The war had its roots in the discomfort generated in Catalan society by the presence of the royal army (made mostly of mercenaries from different nationalities) during the Franco-Spanish War between the Kingdom of France and the Monarchy of Spain as part of the Thirty Years' War, as well the opposition of Catalan institutions to the centralised policies of the Royal Court.

Gaspar de Guzmán, Count-Duke of Olivares, the chief minister of Philip IV, had been trying to distribute more evenly the huge economic and military burden of the Spanish Empire. But his Union of Arms (Spanish: Unión de Armas) policy raised hostilities and protests across the states of the Monarchy of Spain. Resistance in Catalonia was especially strong; the Catalan Courts of 1626 and 1632 were never concluded, due to the opposition of the states against the economic and military measures of Olivares, many of which violated the Constitutions of Catalonia.

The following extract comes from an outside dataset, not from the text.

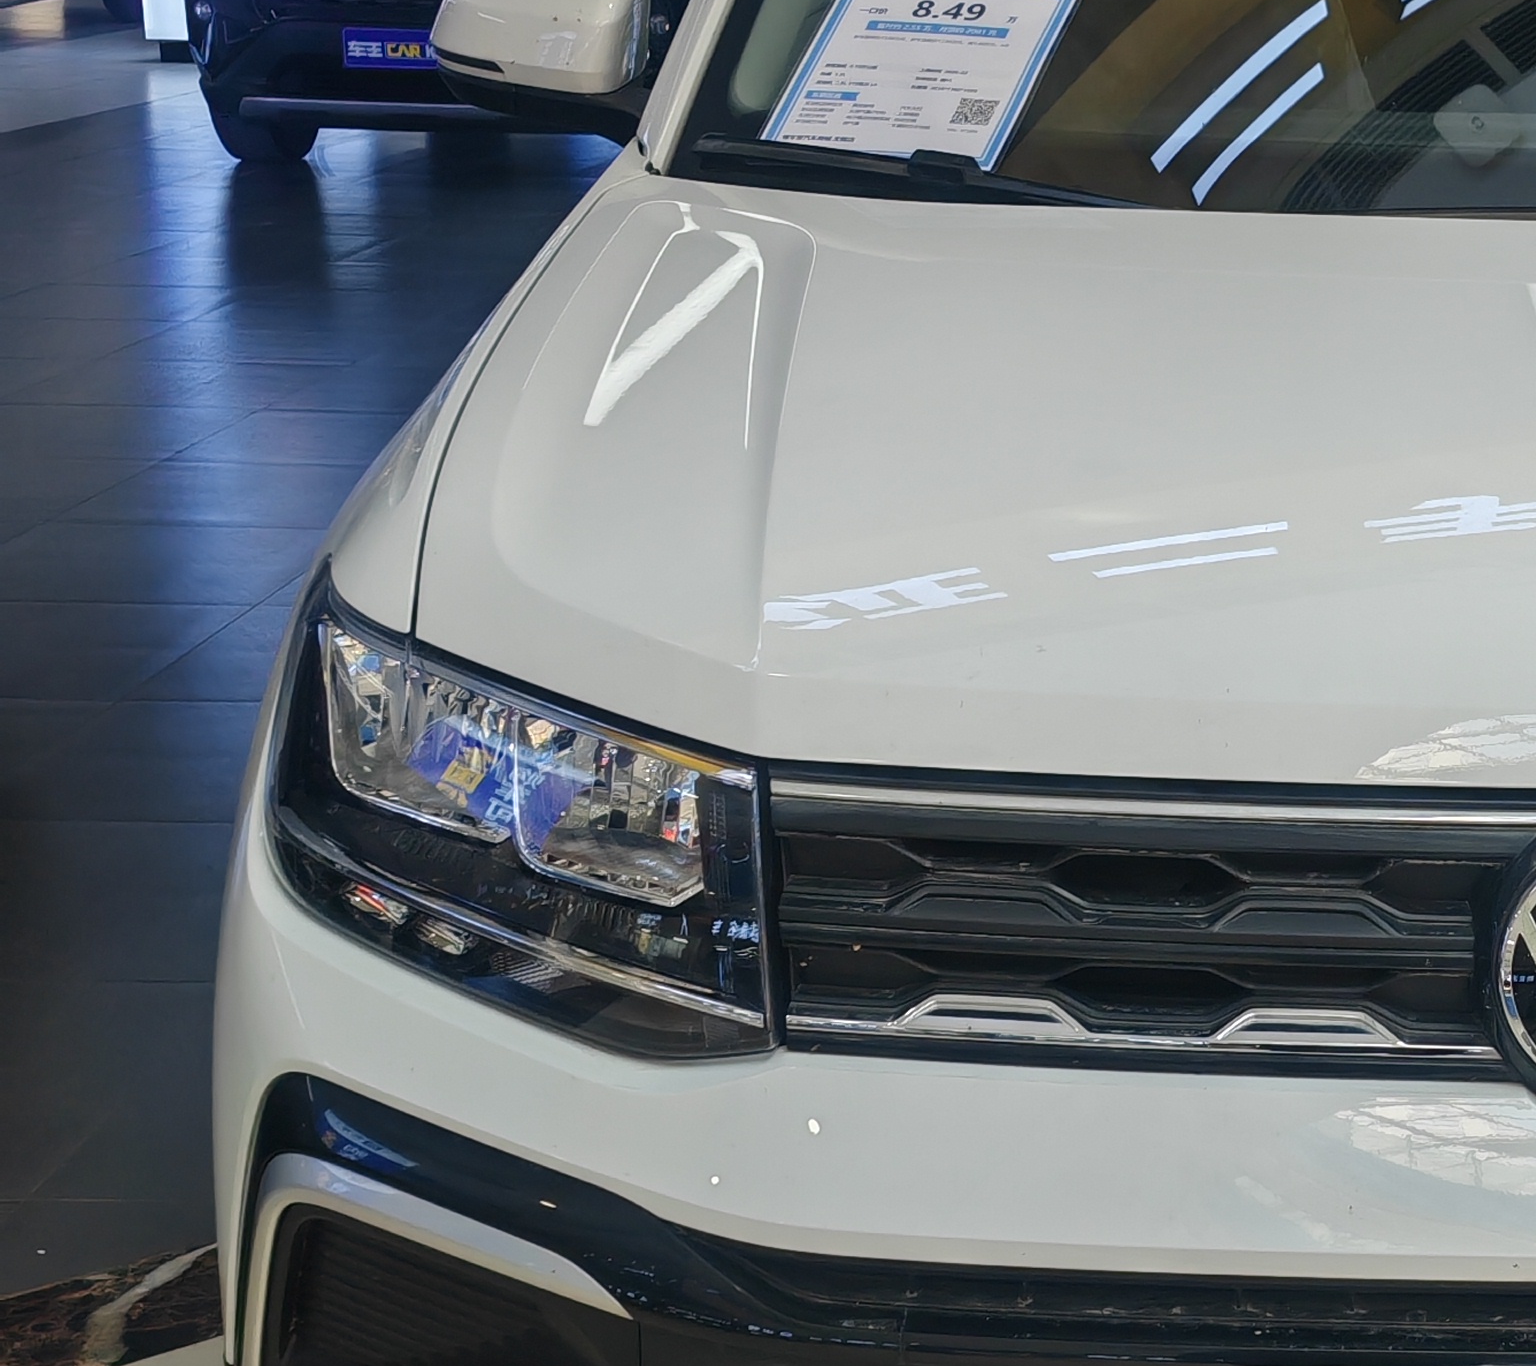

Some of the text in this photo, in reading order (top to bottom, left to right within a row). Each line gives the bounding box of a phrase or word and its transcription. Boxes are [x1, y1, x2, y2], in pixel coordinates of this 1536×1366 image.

In 1638, the canon of La Seu d'Urgell Pau Claris, known for his opposition to non-Catalan bishops who collaborated with the Crown, was elected by the ecclesiastic estate as president of the Generalitat, with Francesc de Tamarit elected member of the Generalitat by the military estate and Josep-Miquel Quintana Torroella by the popular estate. Around 1639, both causes approached and the identification and solidarity of the peasants took place with the attitude of political distrust of the authorities. Thus the political doctrine of the uprising and the popular ideology of the revolt were formed.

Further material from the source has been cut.